The Rational Side Of Mental Illness

As Lisa Bartolotti notes, some psychological disorders make people less prone to cognitive biases:

Madness and irrationality may seem inextricably related. “You are crazy!” we say, when someone tells us about their risk-taking behavior or their self-defeating actions. The International Classification of Diseases (ICD-10) and the Diagnostic and Statistical Manual of Mental Disorders (DSM-5) describe people with depression, autism, schizophrenia, dementia, and personality disorders as people who infringe norms of rationality. But not all people diagnosed with a mental disorder behave irrationally, and not all people who behave irrationally are diagnosed with a mental disorder.

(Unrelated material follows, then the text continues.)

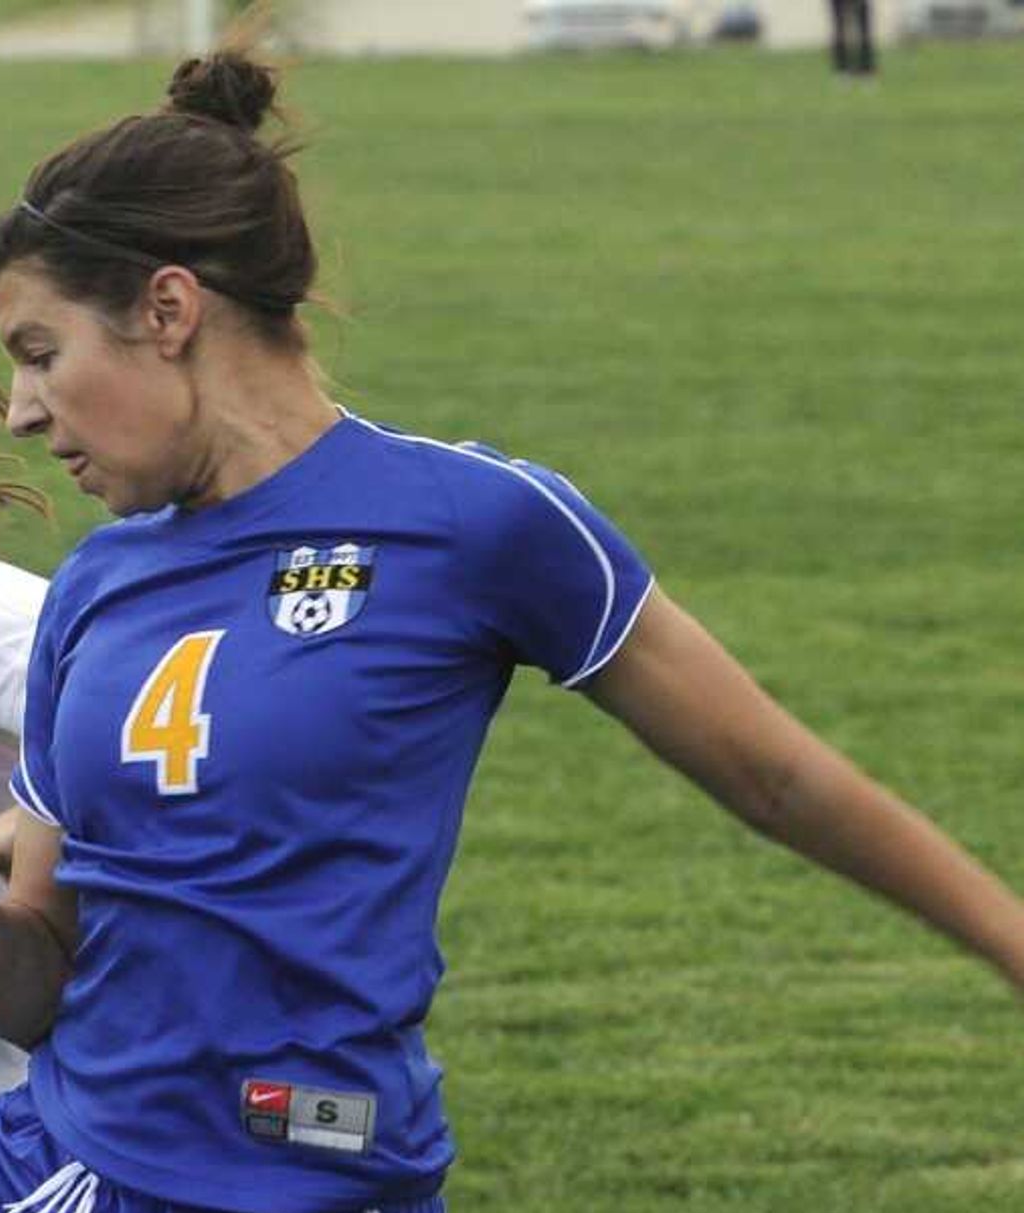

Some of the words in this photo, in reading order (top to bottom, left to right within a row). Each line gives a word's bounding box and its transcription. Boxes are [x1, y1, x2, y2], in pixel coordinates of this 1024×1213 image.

There is evidence that people with a diagnosis of schizophrenia, depression, or autism are, in some contexts, more epistemically rational, that is, more responsive to evidence and more likely to form true beliefs, than people without any psychiatric diagnosis. People make more accurate predictions when they are depressed, because the statistically normal way to make predictions is characterized by excessive optimism. People with autism score higher in social interaction games (such as Prisoner’s Dilemma) and are more logically consistent than control participants when making decisions involving possible financial gain, by not responding to emotional contextual cues in the same way as controls. People with schizophrenia are also less vulnerable to a statistically normal but irrational tendency to gamble when faced with a certain loss.